US spends most on health care but has poorer health outcomes among high-income countries, new report finds

A red tubed stethoscope lies on a US flag

A red tubed stethoscope lies on a US flag.

Credit: Creator: Mark Stahl .Copyright: © 2009.  Mark Stahl



The United States spends more on health care than any other high-income country but still has the lowest life expectancy at birth and the highest rate of people with multiple chronic diseases, according to a new report from The Commonwealth Fund, an independent research group.


The report, released Tuesday, also says that compared with peer nations, the US has the highest rates of deaths from avoidable or treatable causes and the highest maternal and infant death rates.

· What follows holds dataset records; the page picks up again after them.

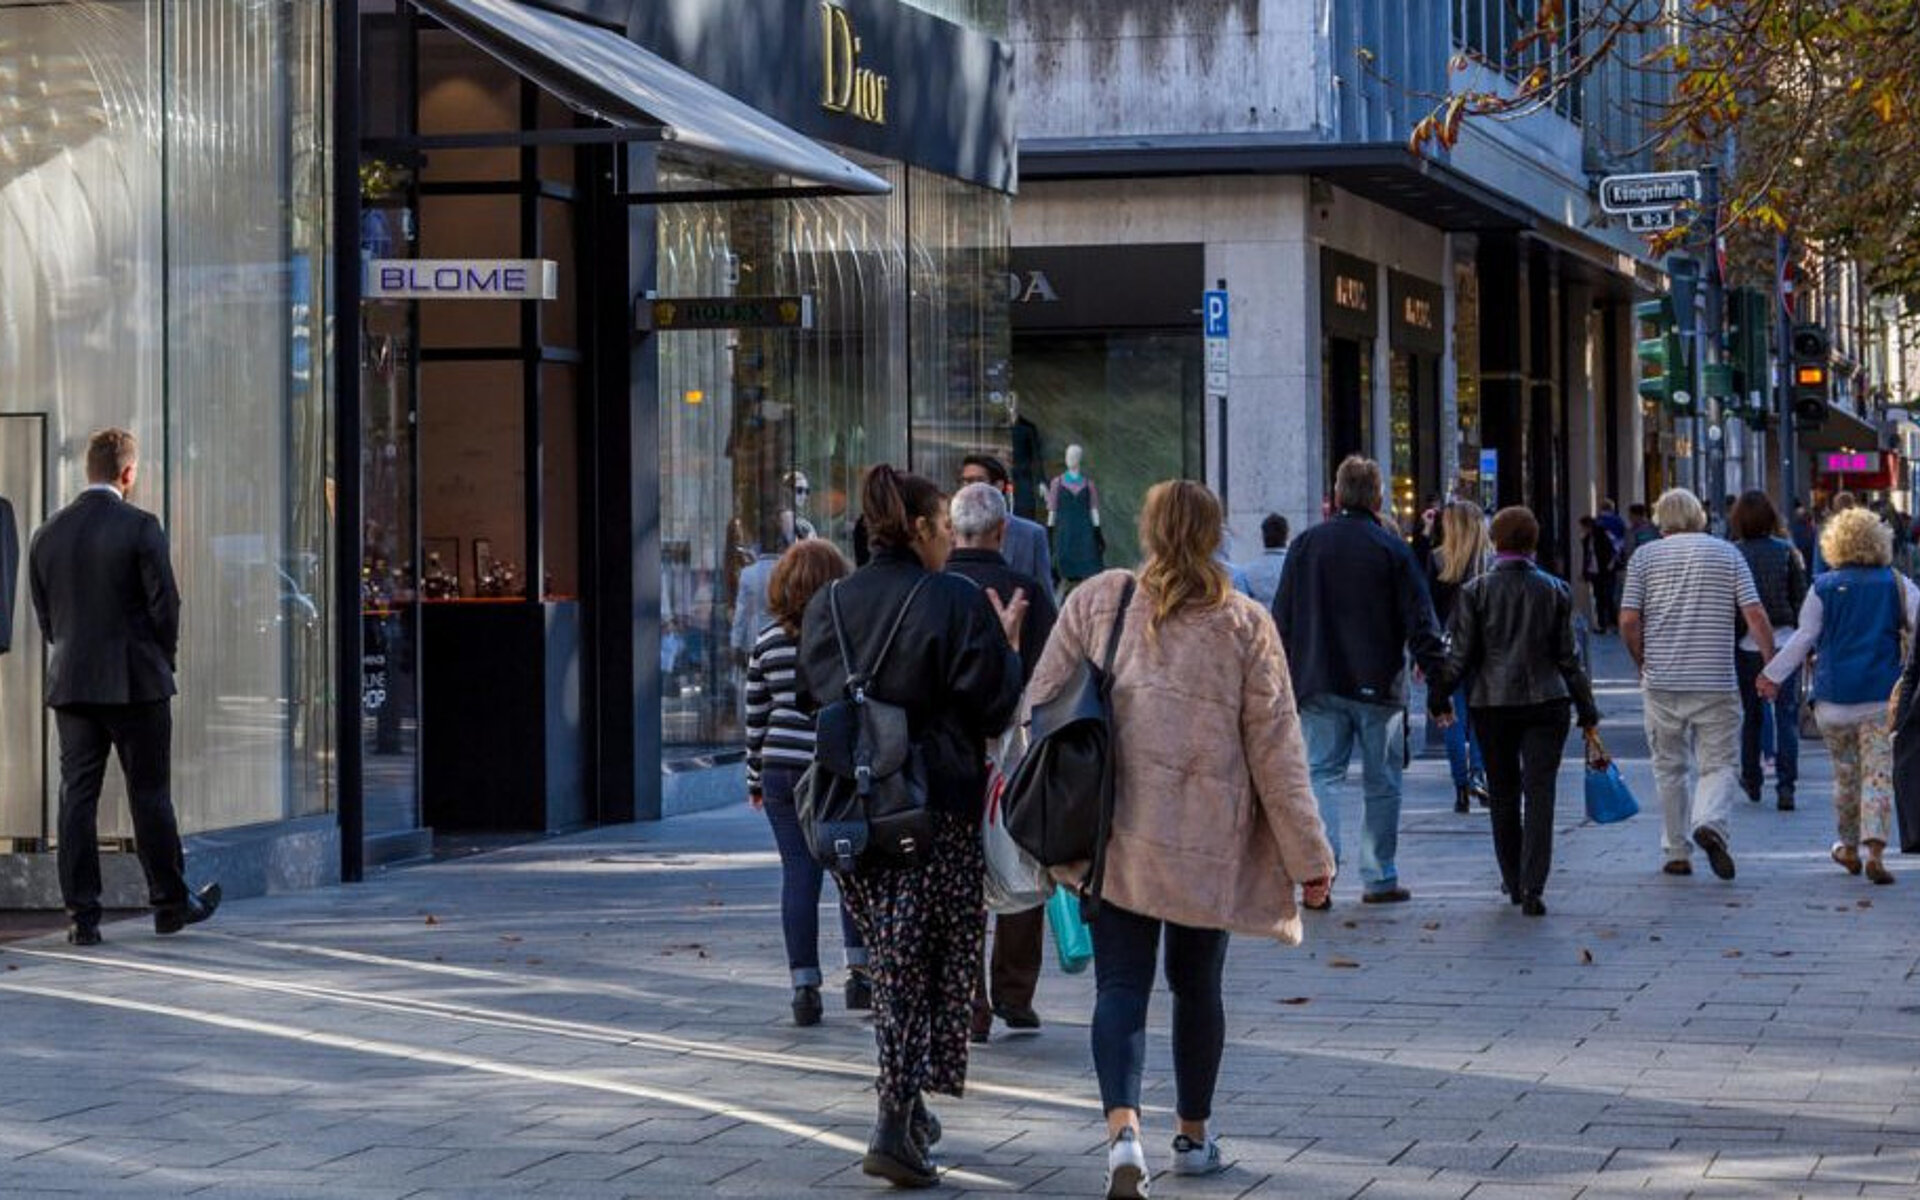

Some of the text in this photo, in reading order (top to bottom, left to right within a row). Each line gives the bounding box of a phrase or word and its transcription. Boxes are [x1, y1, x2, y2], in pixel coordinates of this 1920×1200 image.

[820, 1, 888, 124] Dior
[381, 267, 526, 292] BLOME
[1210, 296, 1224, 333] P
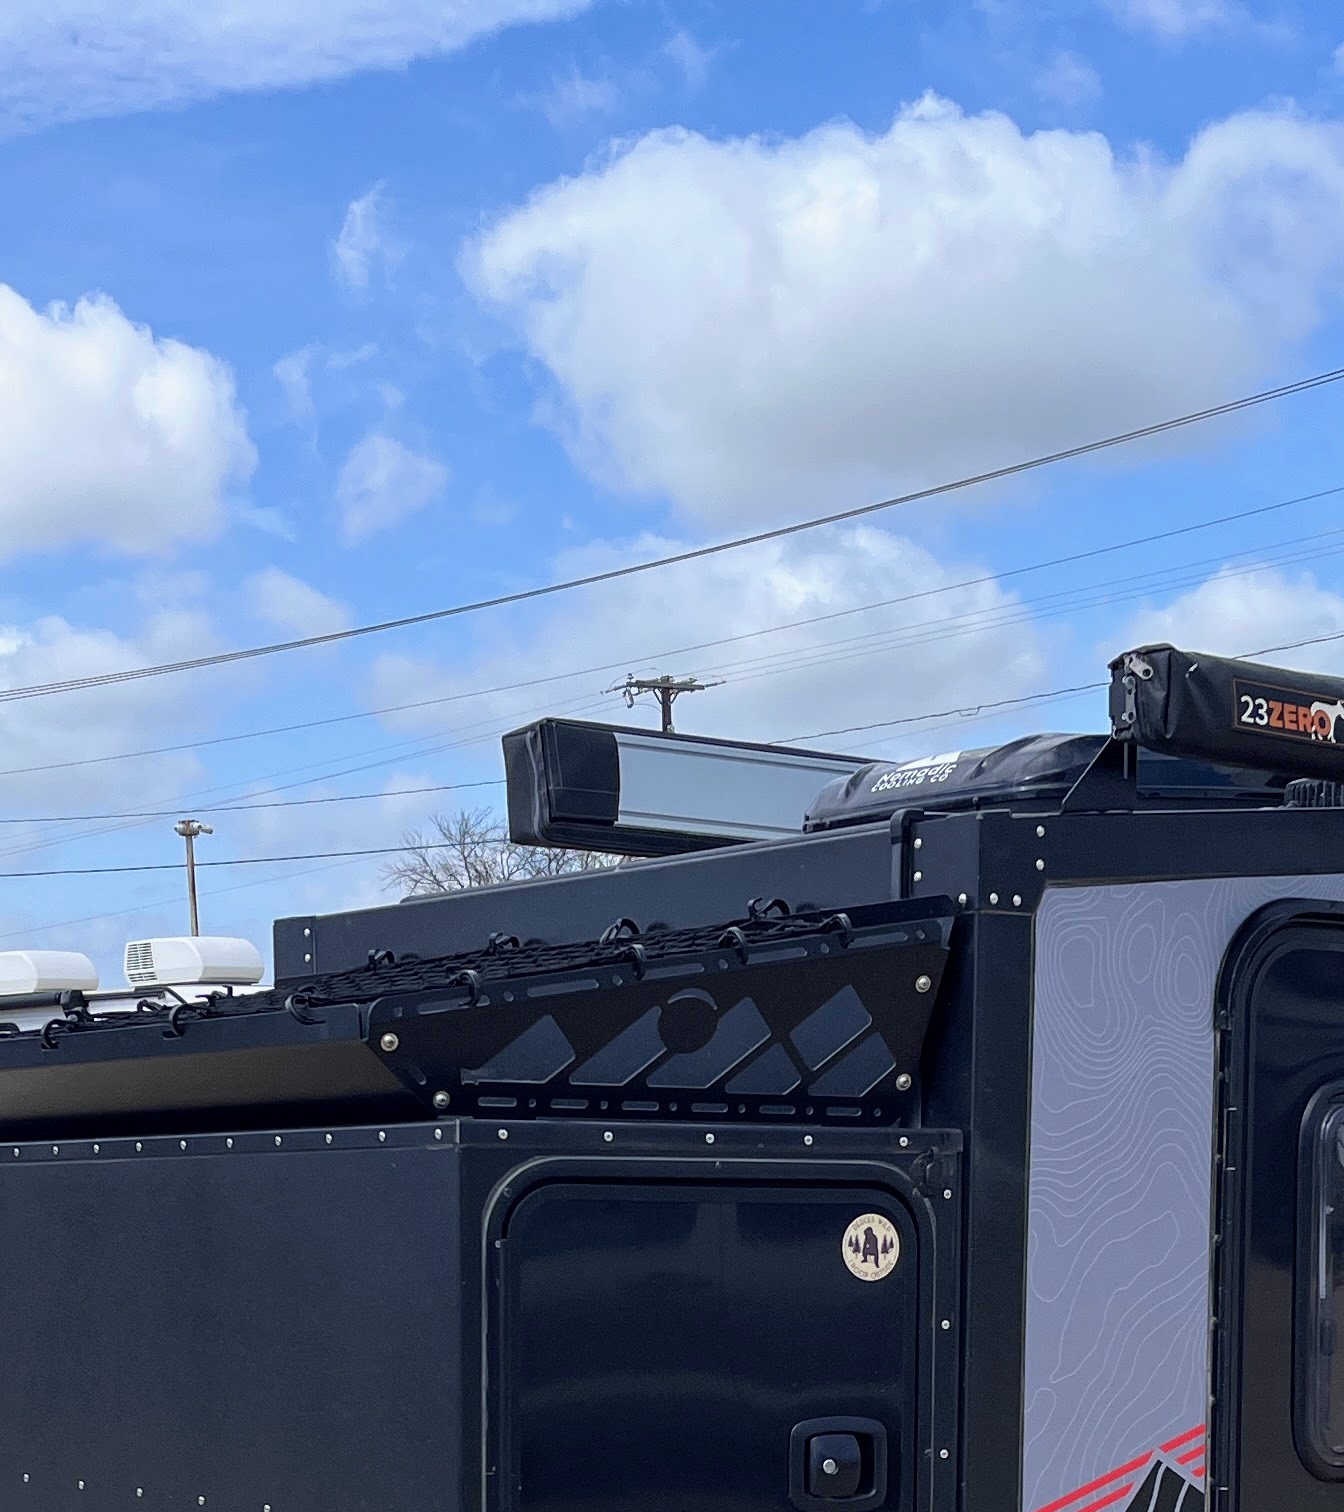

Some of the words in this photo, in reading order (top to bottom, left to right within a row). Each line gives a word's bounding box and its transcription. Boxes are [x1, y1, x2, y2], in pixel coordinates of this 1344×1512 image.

[1240, 695, 1332, 737] 23ZERO
[871, 776, 926, 793] COOLING
[929, 773, 949, 783] CO
[875, 763, 957, 785] Nomadic

“Americans are living shorter, less healthy lives because our health system is not working as well as it could be,” the report’s lead author, Munira Gunja, senior researcher for The Commonwealth Fund’s International Program in Health Policy and Practice Innovation, said in a news release. “To catch up with other high-income countries, the administration and Congress would have to expand access to health care, act aggressively to control costs, and invest in health equity and social services we know can lead to a healthier population.”

People in the US see doctors less often than those in most other countries, which is probably related to the US having a below-average number of practicing physicians, according to the report, and the US is the only country among those studied that doesn’t have universal health coverage. In 2021 alone, 8.6% of the US population was uninsured.

“Not only is the U.S. the only country we studied that does not have universal health coverage, but its health system can seem designed to discourage people from using services,” researchers at the Commonwealth Fund, headquartered in New York, wrote in the report. “Affordability remains the top reason why some Americans do not sign up for health coverage, while high out-of-pocket costs lead nearly half of working-age adults to skip or delay getting needed care.”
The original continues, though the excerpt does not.